Пришло время поступать в институт. Конечно, выбор пал на Литературный. Но там принимали только со стажем работы. Таким образом Татьяна оказалась на журналистском факультете МГУ. После окончания журфака МГУ у Татьяны были все основания продолжить научную работу в аспирантуре. Но случилось, что в это время в Германии, в издательстве «Посев», публикуют фрагменты книги ее отца «Новое назначение», и научная академическая карьера его дочери завершается. Кстати, Татьяна очень трепетно относилась к отцу, защищала его даже от глупых нападок, и написала о нем одно из лучших своих стихотворений «Снова, снова снится папа»:


Снова, снова снится папа,

Вот уже который день…

Вечное пальто из драпа,

Длинное,

эпохи РАППа.

Я кричу: ‘Берет надень!’

Но глядят уже из Леты

Сверлышки любимых глаз.

Нос картошкой. Сигареты.

‘Изменяются портреты’, —

Повторяю в черный час.

На морозе папа-холмик…

Я скажу

чужим

словам:

— Был он ерник, и затворник,

И невесть чего поборник,

Но судить его — не вам!

Татьяна начинает работать библиотекарем во Всесоюзной Государственной библиотеке иностранной литературы, где директором работала ее тетя –Маргарита Ивановна Рудомино.

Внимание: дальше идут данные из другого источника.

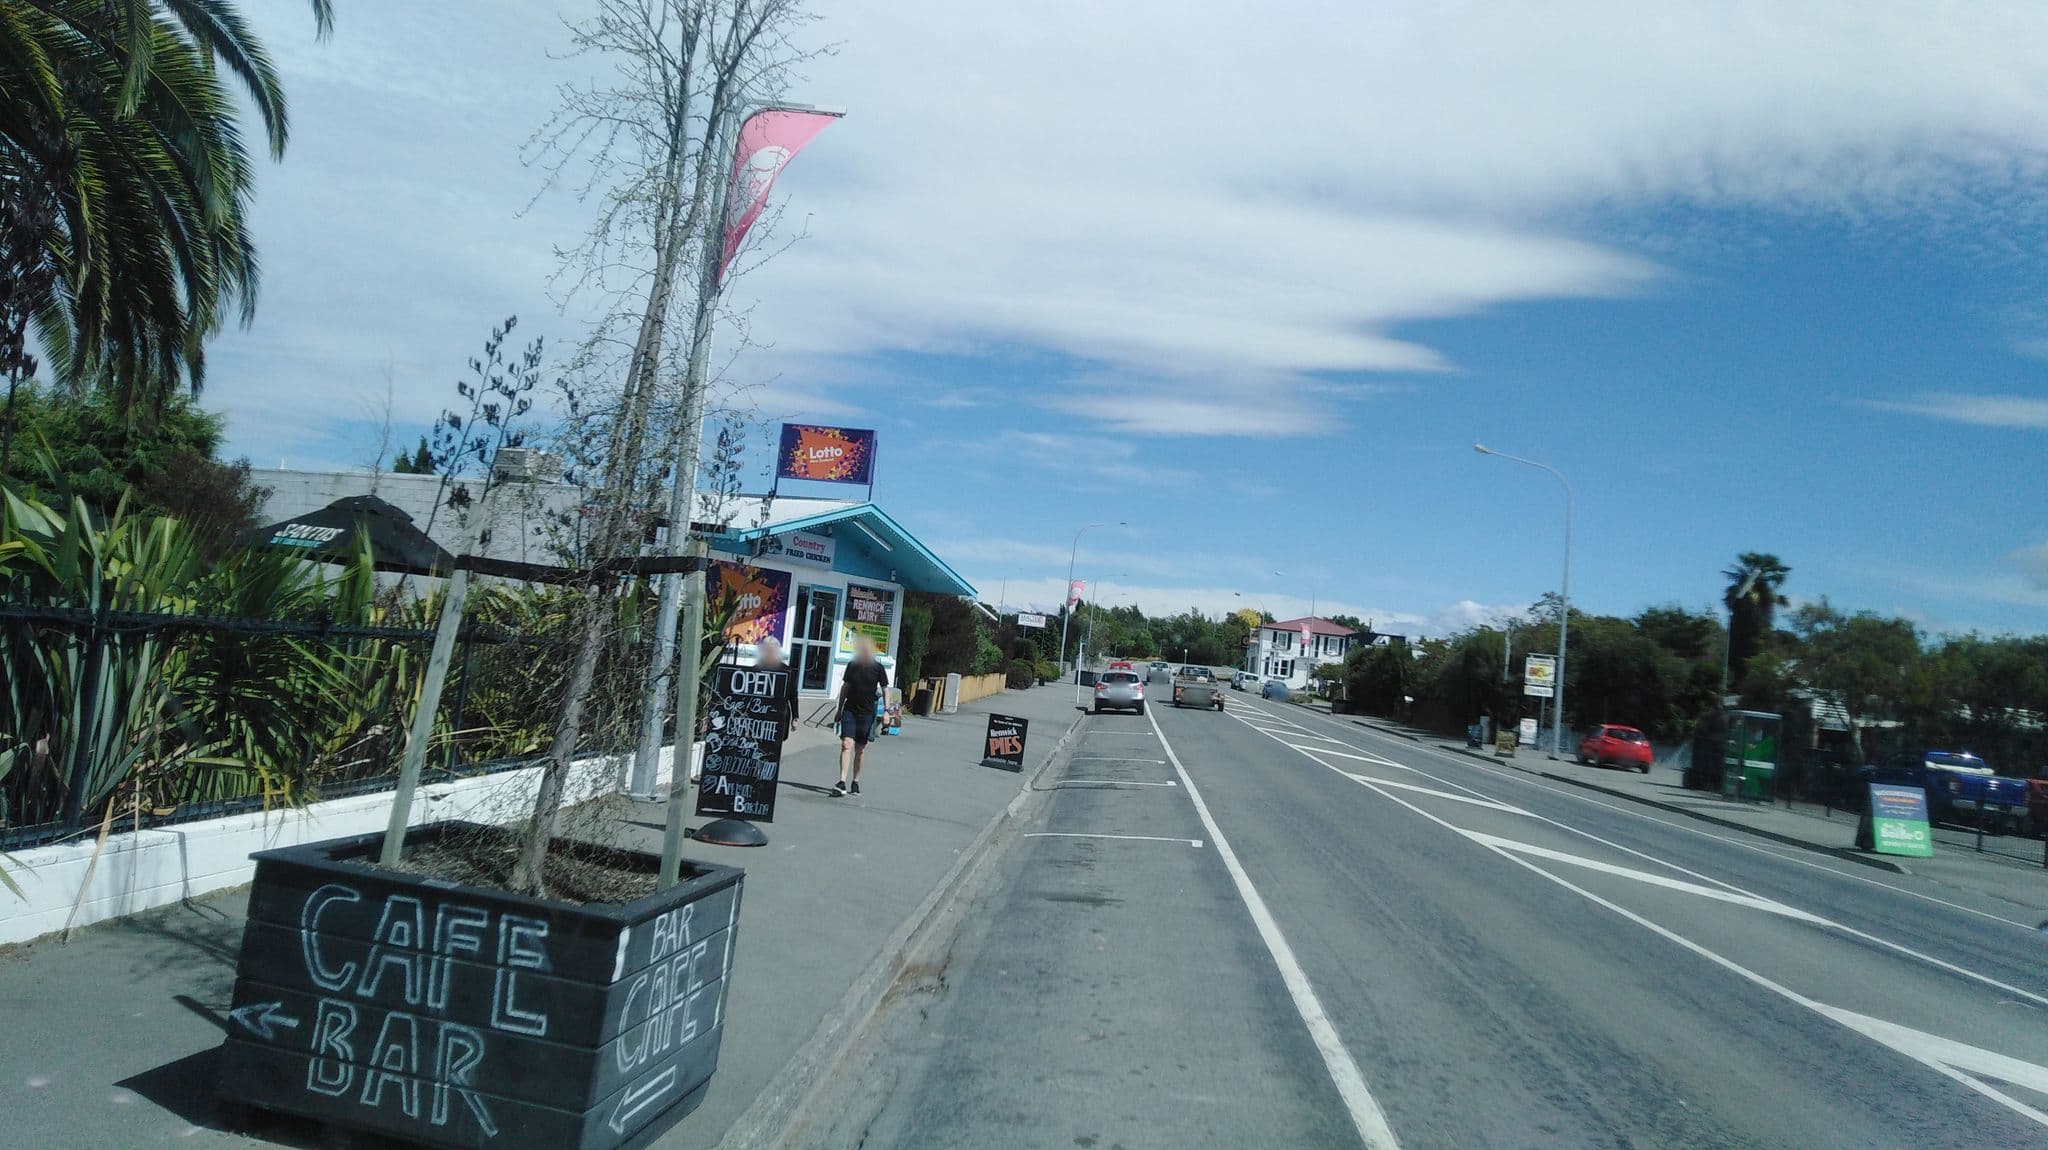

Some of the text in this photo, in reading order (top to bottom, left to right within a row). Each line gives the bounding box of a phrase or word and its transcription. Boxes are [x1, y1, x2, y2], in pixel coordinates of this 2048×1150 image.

Возможно здесь родилось стихотворение «Библиотекарша»:

В библиотечных подвалах

запах нечитаных книг.

Лепет старушек бывалых,

сгорбленных, но не усталых.

Чести застенчивый лик.

 

Глупому мальчику тылом

этот неяркий подвал

кажется, заводью с илом.

Говором мягким и милым

голос ему отвечал:

 

– Вы как с разинутым клювом

зимний галчонок сейчас.

Я не смогла стеклодувом

стать, но я книгу найду вам

может быть, выйдет из вас.

 

Вот - переплавьте осколок!

Номер поставлю в тетрадь...

День мой прекрасен и долог,

Надо по вторникам с полок

тряпочкой пыль вытирать.

Тетю скоро вышвырнули с работы, освобождая место для дочери Председателя Совета министров СССР А.Н. Косыгина. Принципиальная Татьяна тоже ушла из библиотеки, занималась разбором архива отца, начала работать в журнале «Вопросы литературы». А в 1990 году ВГБИЛ было присвоено имя Рудомино. «Бывает же так! Сначала выгнали, а теперь вот обессмертили! — говорила Бек. — Никогда нельзя отчаиваться». И смеялась.

А из души рвалось другое:

 

Боже! Самодовольные рожи,

Как вы цедите жизнь из ковша,

Знать не зная, что боль - это дрожжи,

На которых восходит душа.

 

Даже ливень, хлеставший без краю,

Вы собрали в хозяйственный таз.

...Понимаете:

я умираю

От стыда, что похожа на вас!

 

Или вот это:

Я буду старой, буду белой,

Глухой, нелепой, неумелой,

Дающей лишние советы, (

Ну, словом, брошка и штиблеты.

 

А все-таки я буду сильной!

Глухой к обидам и двужильной.

Не на трибуне тары-бары,

А на бумаге мемуары.

 

Да! Независимо от моды

Я воссоздам вот эти годы

Безжалостно, сердечно, сухо...

Я буду честная старуха.

Друзья удивлялись, как она все успевает. Работала колумнистом в «Общей газете» и «Независимой газете», а также была творческим мастером в поэтическом семинаре Литературного института, переводила датских поэтов, посещала поэтические праздники, была ведущей фестиваля «Молодые звезды Москвы». Представляла молодых поэтов – Сергея Гандлевского, Игоря Болычева, Евгения Степанова, Полину (Ольгу) Иванову и др., сотрудничала со многими журналами, входила в секретариат Союза писателей Москвы, являлась членом Русского ПЕН-центра, выпускала свои сборники поэзии, которые всегда разлетались мгновенно.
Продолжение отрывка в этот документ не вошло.